La personne avait appelé trois fois avant que maman ne se soit décidé à décrocher. Nous étions tous méfiants parce qu'il était minuit passé et un appel comme celui-ci ne présageait rien de bon. Intrigués, nous avions tendu l'oreille pour écouter ce que maman disait. Elle s'était présentée, avait écouté, il y avait eu un silence, puis, elle avait dit oui avant de raccrocher, le visage grave.
Il avait semblé que cet appel nous concernait. Elle nous avait alors dit :
- C'était Camille. Il arrive bientôt et m'a dit avoir quitté l'hôpital.
Je me demandais ce qui avait bien pu se passer pour qu'il y soit allé. Charlie était parfaitement réveillé et était descendu dans la rue pour surveiller son arrivée, laissant la porte d'entrée grande ouverte. Il faisait nuit noire dehors et la température était trop fraîche pour moi. Je n'étais pas tout à fait réveillé mais je réfléchissais à ce qu'il se passait.
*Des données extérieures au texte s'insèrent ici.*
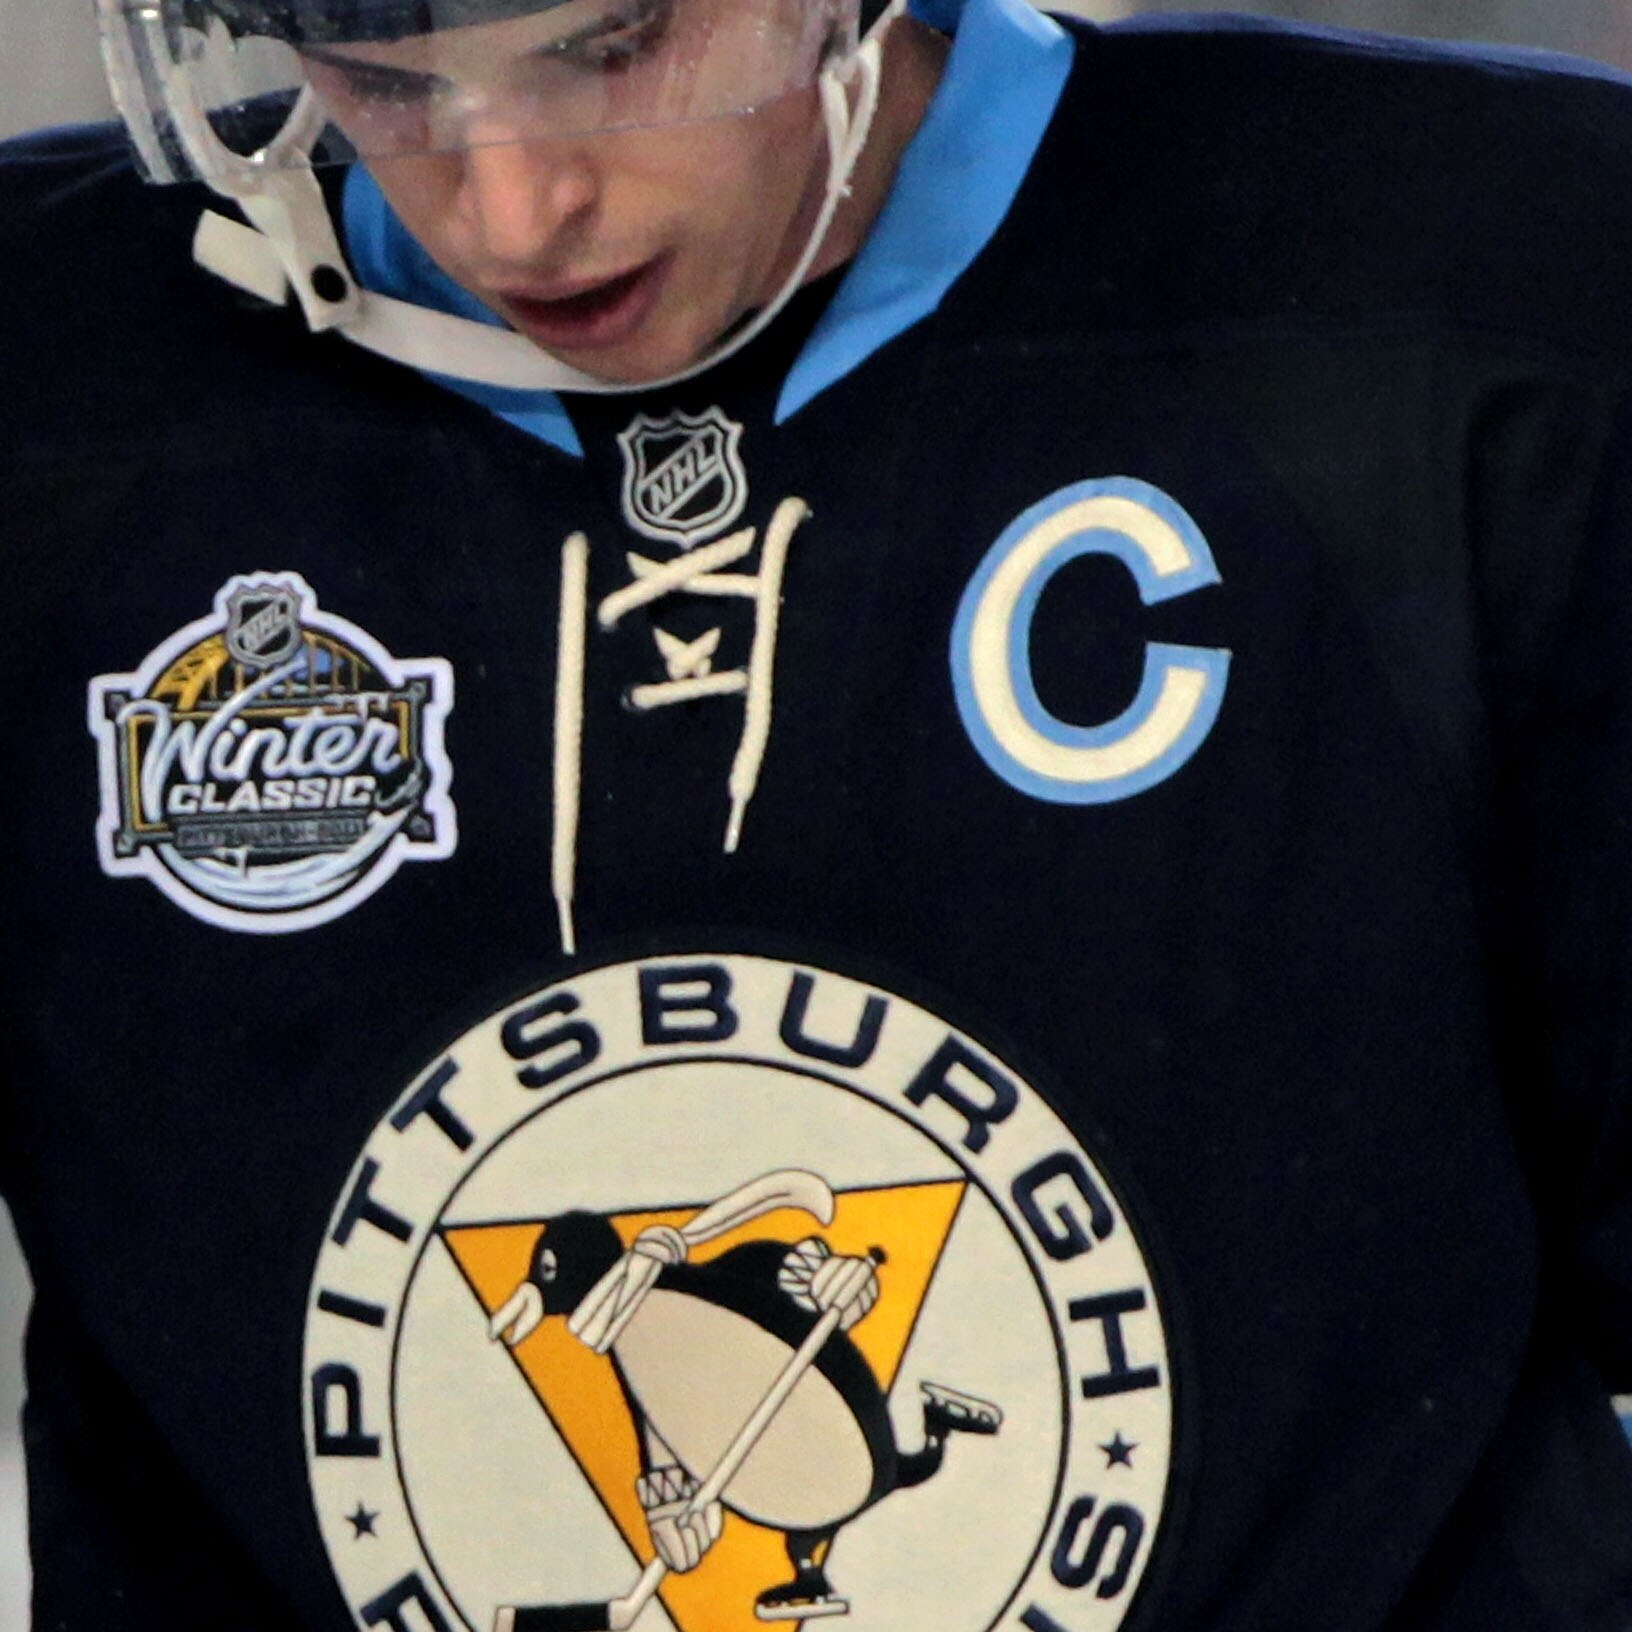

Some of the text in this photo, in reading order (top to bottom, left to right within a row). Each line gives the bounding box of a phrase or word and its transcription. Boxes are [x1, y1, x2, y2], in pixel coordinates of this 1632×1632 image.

[649, 436, 717, 516] NHL
[950, 475, 1232, 805] C
[115, 655, 404, 823] Winter
[168, 775, 377, 815] CLASSIC
[312, 963, 1161, 1458] PITTSBURGH
J'avais toujours le cerveau en compote quand Camille était arrivé, en pyjama et les yeux rougis. J'avais tout de suite saisi que c'était plus grave que ce que j'avais pu imaginer. La première chose qu'il nous avait dit était :
-Je voulais rester mais ils m'ont renvoyé ...
Émotionnellement instable, Camille ne semblait plus se soucier du froid qui existait entre mon frère et lui car il avait trouvé refuge dans ses bras, où il y avait éclaté en sanglots. Charlie ne savait pas quoi faire, alors il avait juste tapoté maladroitement le dos du jeune homme sans rien dire. Maman avait été préparée une boisson chaude pour aider Camille à se calmer. Il ne cessait de hoqueter et de bredouiller des mots déformés non-stop. Papa avait apporté une couverture qu'il avait essayé de mettre sur les épaules du jeune homme mais celui-ci ne paraissait pas se rendre compte de notre présence. Il était juste ailleurs.
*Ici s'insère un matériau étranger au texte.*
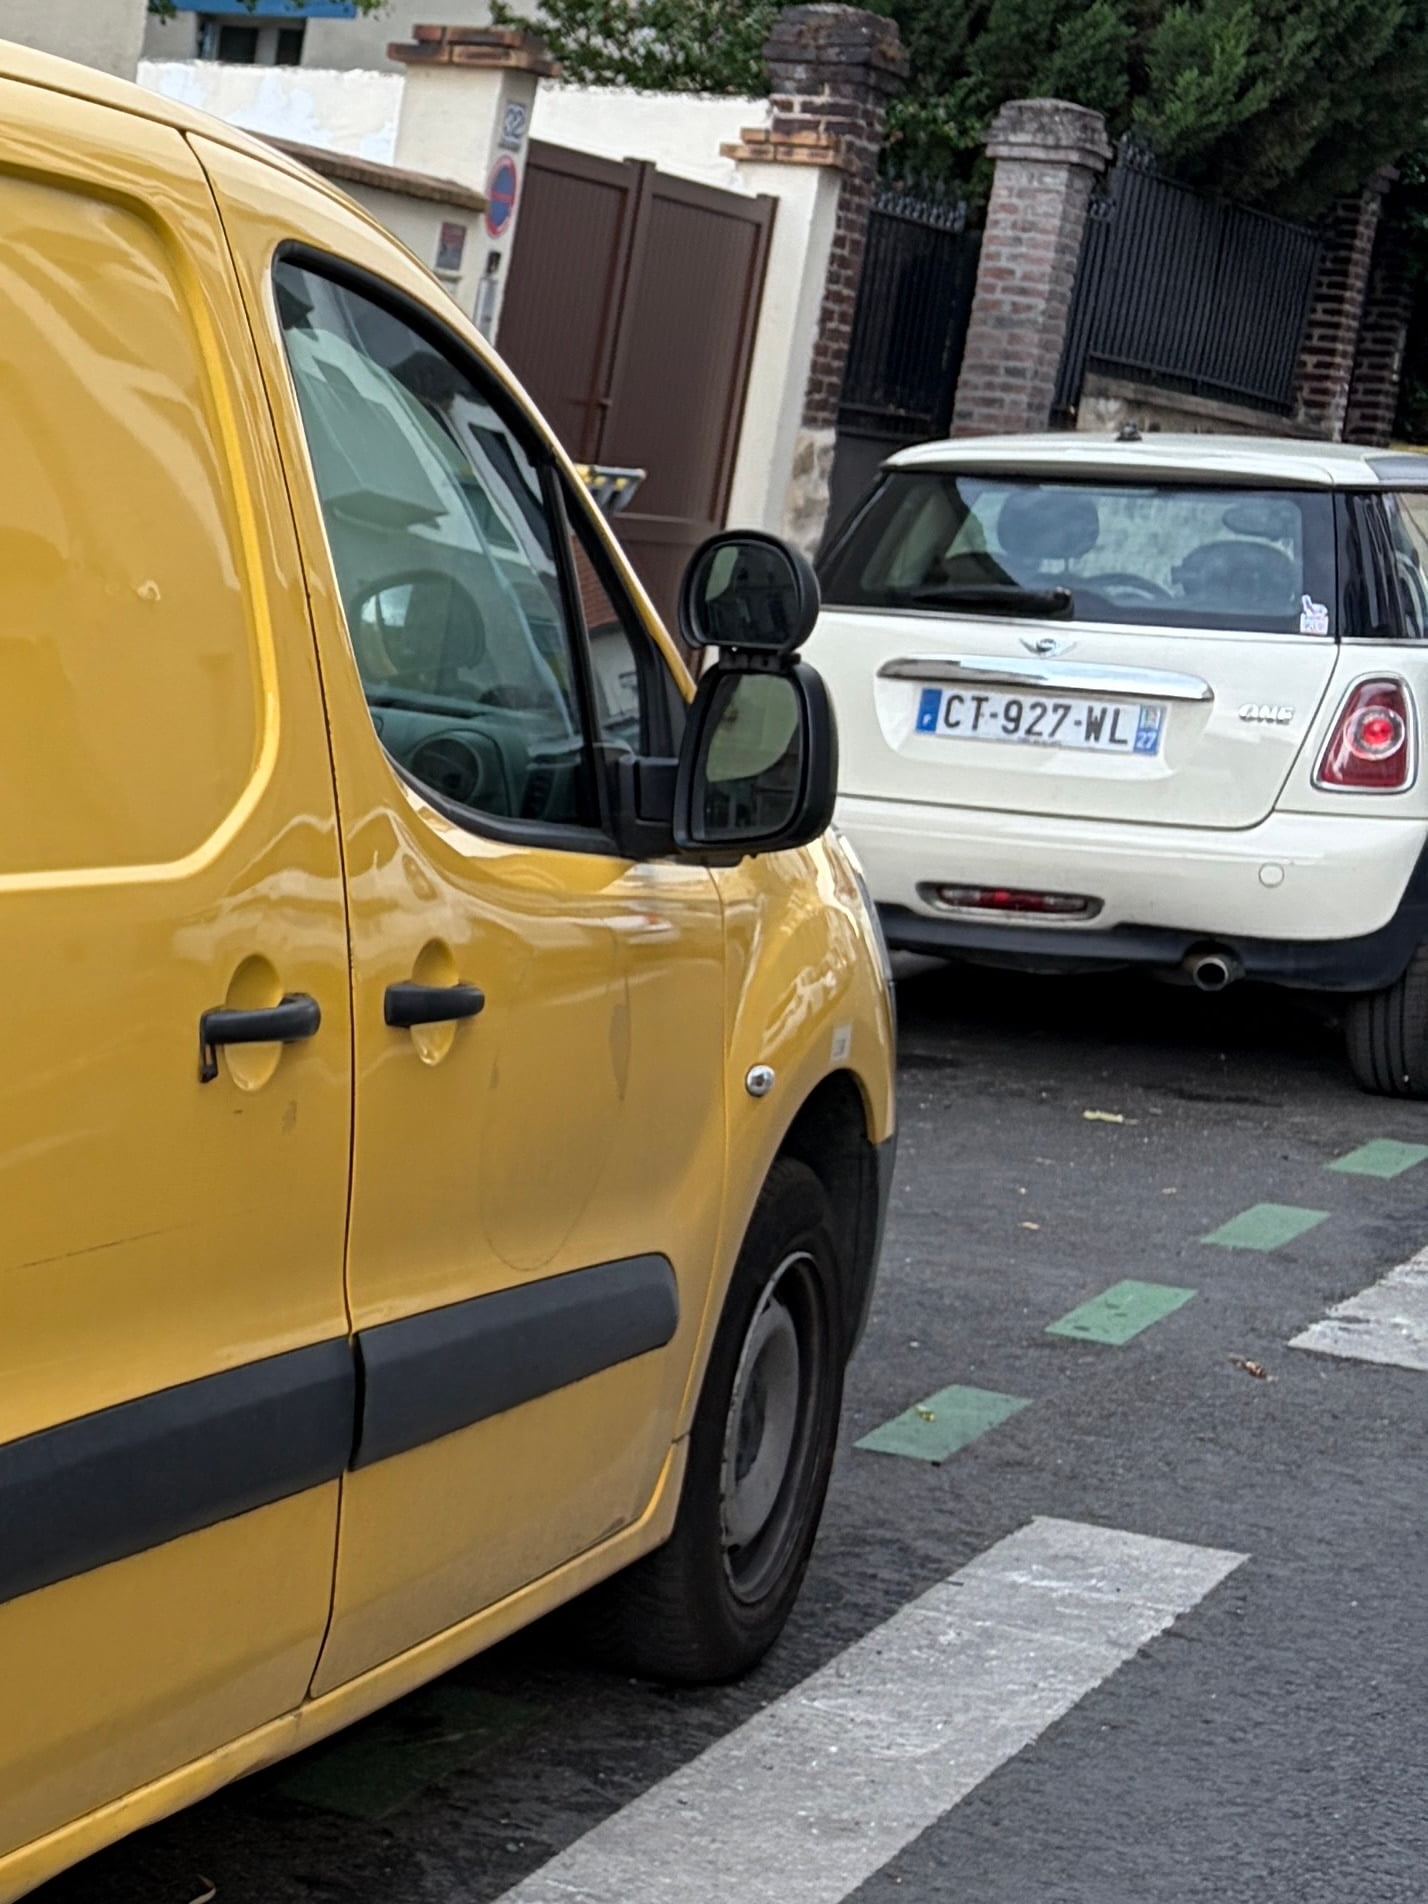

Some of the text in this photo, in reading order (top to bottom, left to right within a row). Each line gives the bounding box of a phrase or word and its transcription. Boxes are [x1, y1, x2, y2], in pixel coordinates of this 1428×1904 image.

[944, 694, 1128, 745] CT-927-WL
[1238, 703, 1295, 726] ONE
[1136, 730, 1157, 749] 27
Par je ne sais quel miracle, Charlie avait installé Camille sur le canapé et se tenait face à lui, les mains sur ses genoux pendant que notre invité surprise buvait, en tremblant, son chocolat chaud. Personne n'avait osé parler et nous regardions en coin Camille, attendant qu'il nous dise ce qui le mettait dans un tel état. Il avait fini par nous le révéler, sans pouvoir retenir sa détresse :
-Eléonore... a été admise aux urgences à cause d'une rechute ... il y a une semaine ... Mais son état a empiré ce soir ... Les médecins... Les médecins nous ont ... renvoyé chez nous parce que nous étions tous à bout de nerfs... Je ne savais pas où aller alors...Alors, je suis venu chez vous ... Je suis désolé... J'ai ... J'ai si peur.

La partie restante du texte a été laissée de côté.